Regain your mastery over debt

Being honest with yourself and taking real steps to contain debt can change your life, writes Neal Vaughan.

Out-of-control debt is an insidious force that hurts you financially, emotionally and socially. But some simple steps and commitment can undo that damage.

"Being stressed about debt is natural – it's the first step to getting it under control,” says Adam Lax, retired chief executive officer of Calyon Australia, who now donates his time helping non-profits and individuals sort out their finances.

Speaking from his professional experience, Lax says "busy women too often let their finances ‘take care of themselves’ or become complacent that their partner is managing things for them even when they are the main breadwinner”.

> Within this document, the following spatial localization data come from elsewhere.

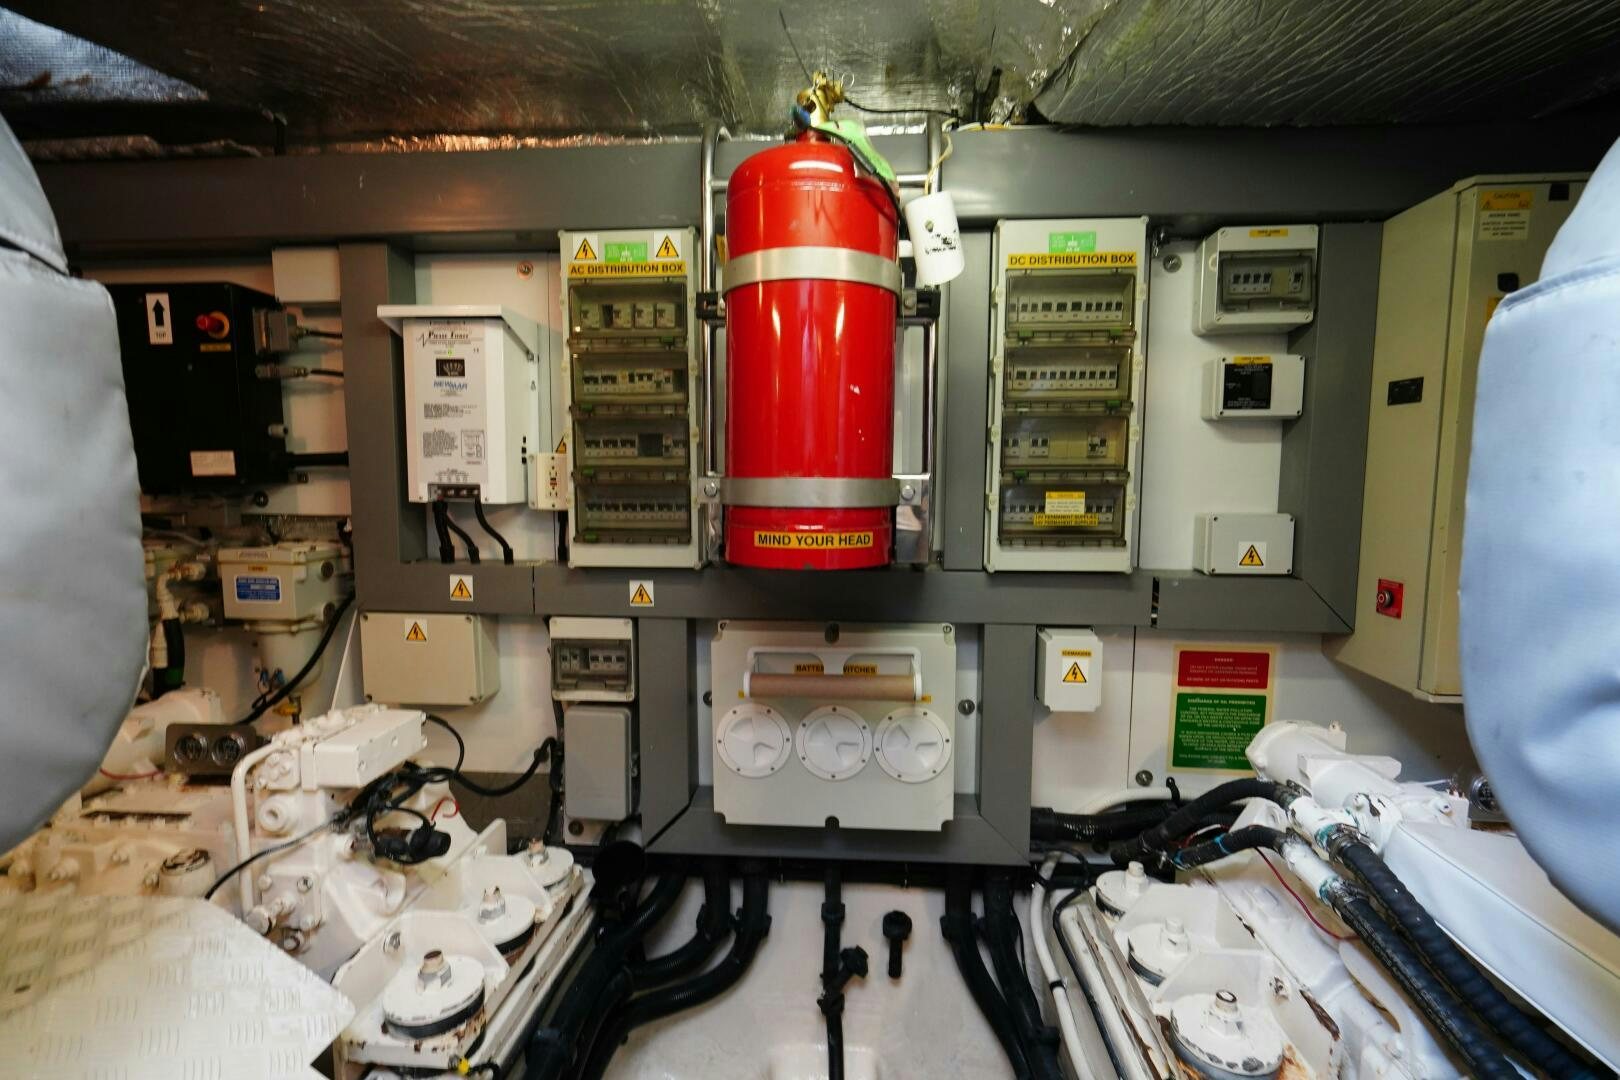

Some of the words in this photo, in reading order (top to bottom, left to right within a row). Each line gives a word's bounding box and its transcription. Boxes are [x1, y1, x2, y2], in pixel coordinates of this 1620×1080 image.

[1010, 256, 1026, 266] DC
[1029, 255, 1107, 265] DISTRIBUTION
[1111, 254, 1134, 264] BOX
[571, 265, 584, 274] AC
[587, 264, 658, 274] DISTRIBUTION
[662, 263, 683, 272] BOX
[758, 534, 791, 545] MIND
[796, 535, 834, 546] YOUR
[839, 534, 870, 545] HEAD
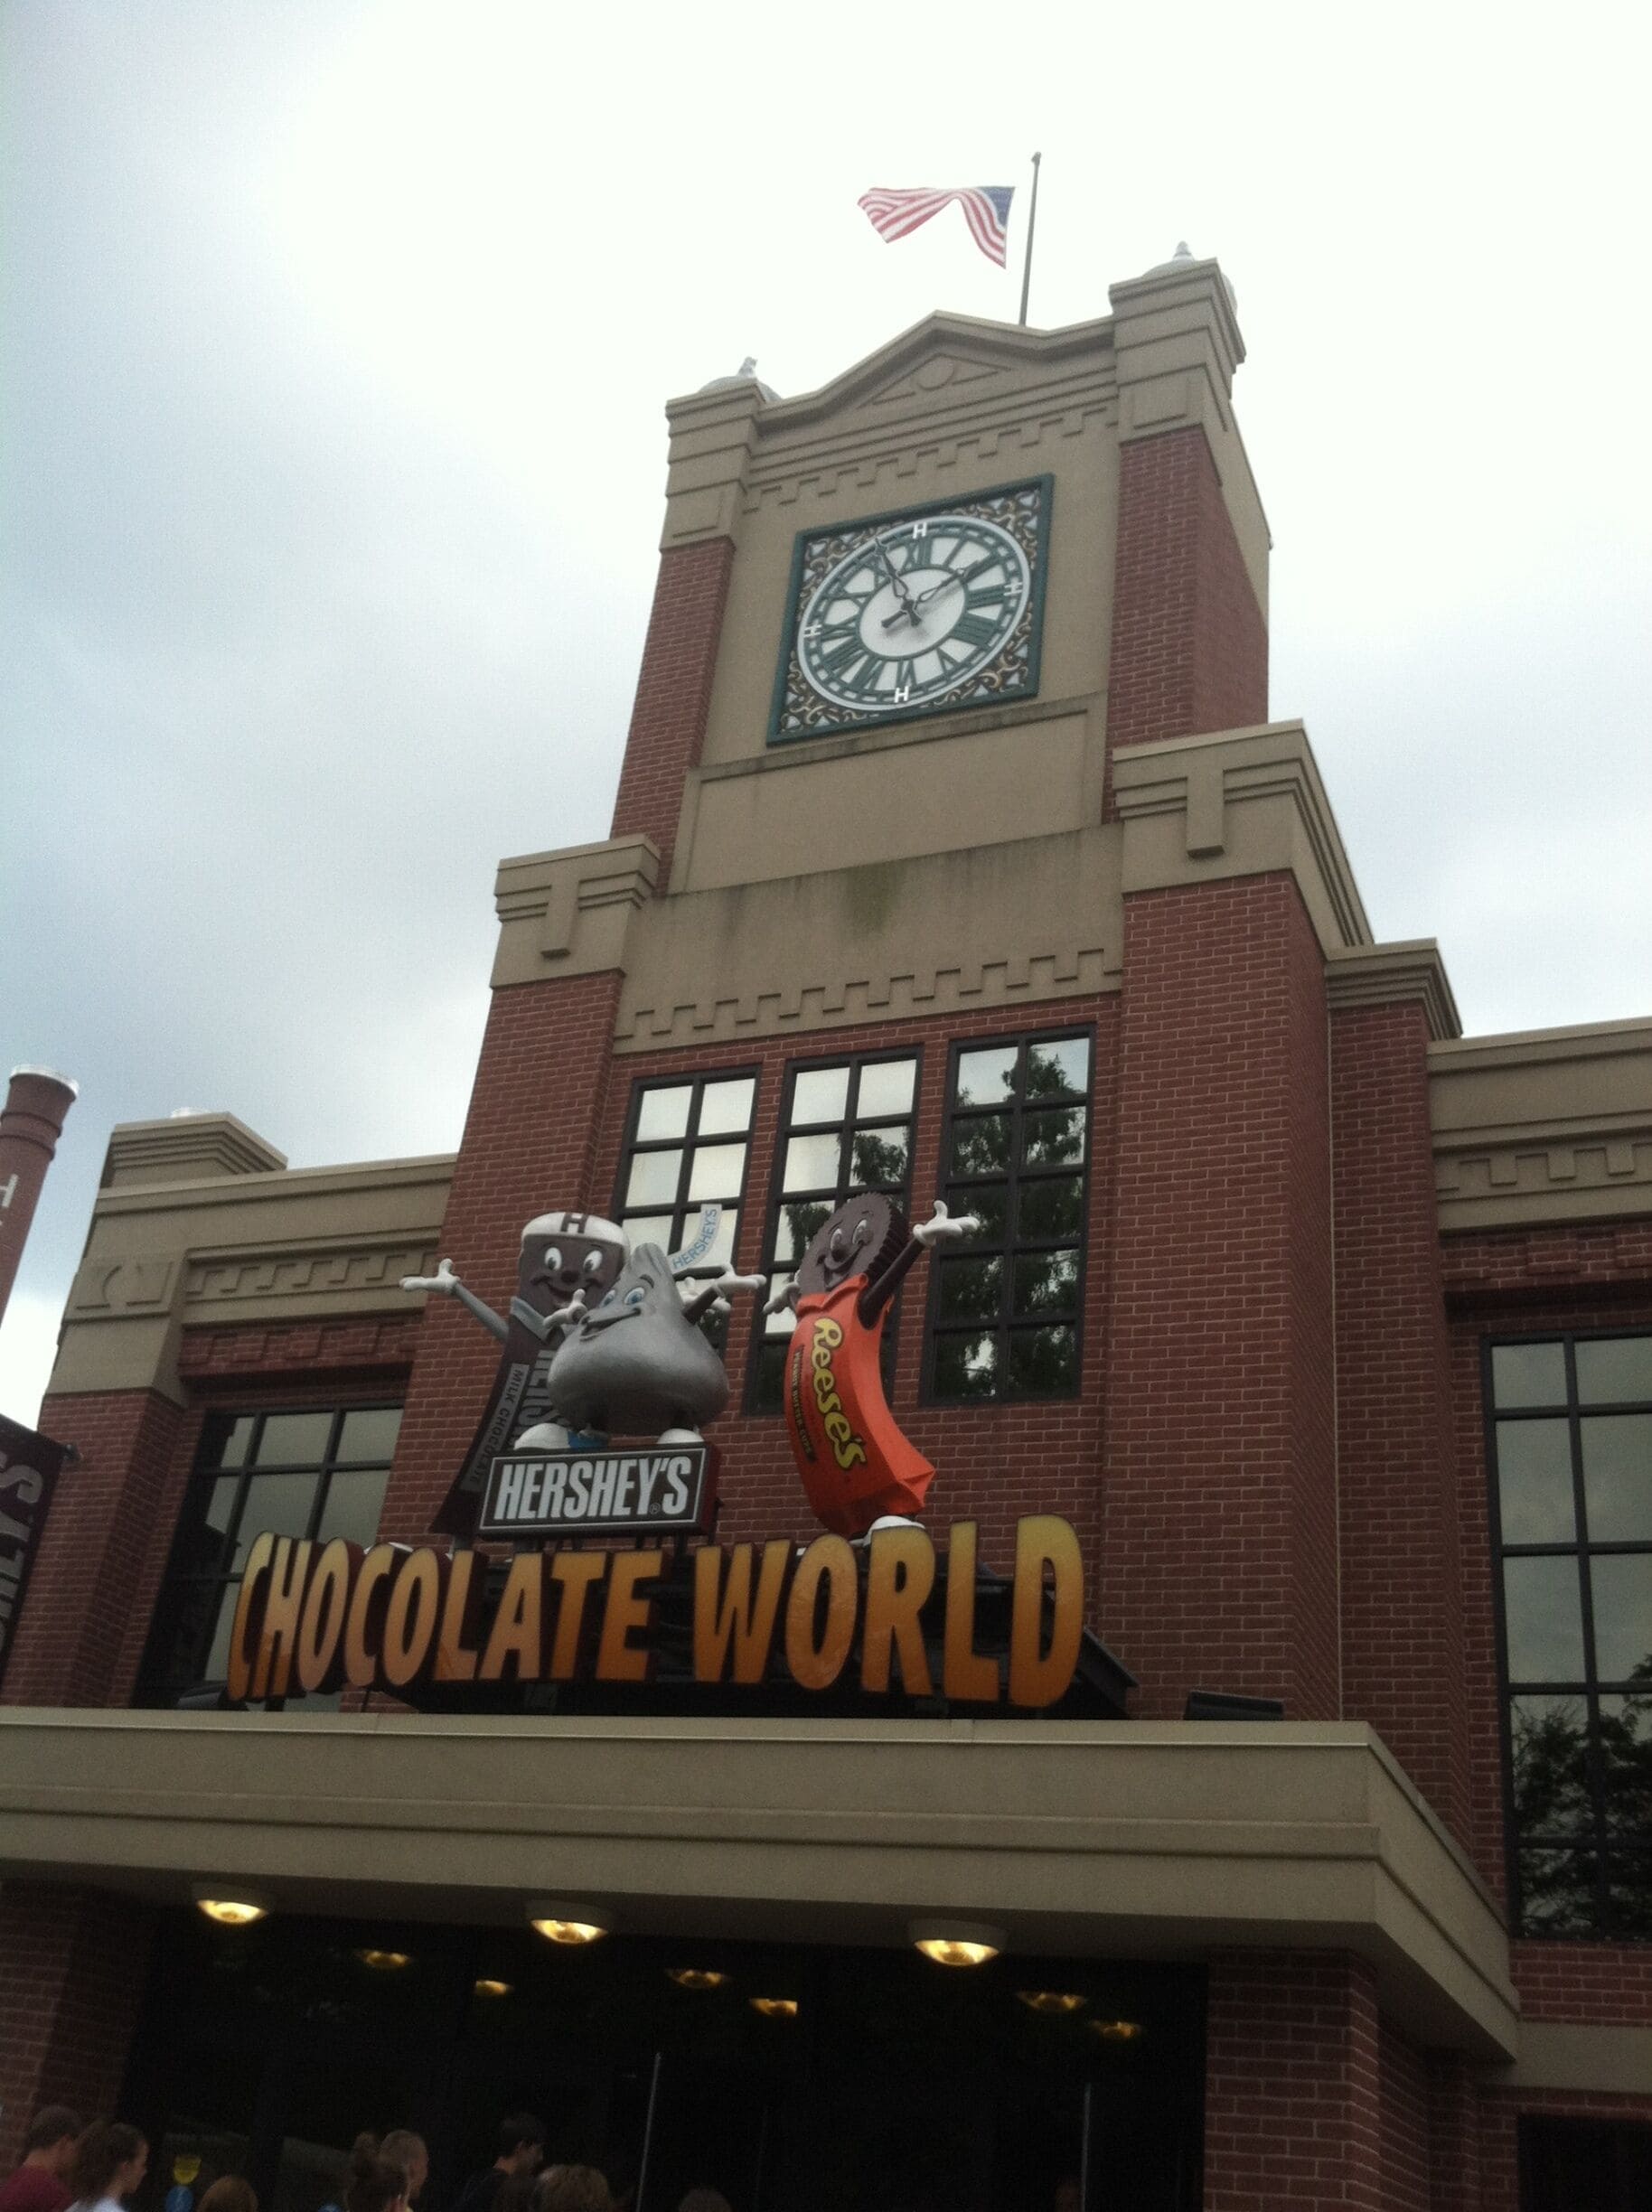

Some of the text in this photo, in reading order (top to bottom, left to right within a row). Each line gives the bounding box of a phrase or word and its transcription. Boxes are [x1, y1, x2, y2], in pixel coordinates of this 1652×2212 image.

[912, 521, 927, 539] H
[894, 686, 910, 704] H
[560, 1214, 588, 1234] H
[504, 1368, 522, 1403] MILK
[493, 1455, 693, 1522] HERSHEY'S
[227, 1531, 663, 1701] CHOCOLATE
[693, 1513, 1084, 1708] WORLD

In fact many Australians, men and women, are in denial about their debts, according to research early in 2015 by Hive Empire’s creditcardfinder.com showing 15 per cent of credit-card holders admit to having a secret card or lying about purchases.

Visit the Australian Securities and Investments Commission's MoneySmart credit card debt clock and you'll see Australians owed around $31.8 billion on their cards in late December. Cardholders had an average card balance of $4325, costing around $728 in annual interest payments.

So if you tend to put your card statements and other bills in the “open later" file or leave things for a partner to sort out, you're not alone.

University of New South Wales senior lecturer Joanne Earl, who specialises in financial and investment psychology, says "women often lack what we term ‘mastery’”.

[That is] the self-belief to act on what they already understand and know they should do. It's not really complacency it's more they feel they can't set the agenda.

As Lax says, "debt isn't always a bad thing but women need to become more debt aware – particularly when their partner arranges the finances”.

Taking simple steps: Emma’s story

It's easy to lose track of all the debt commitments you have, so the first move is to get a complete picture of what you owe: credit cards, store cards, student loans and car loans, personal loans, mortgage etc.

Next, check what those debts are costing you in interest and prioritise the debts you want to clear.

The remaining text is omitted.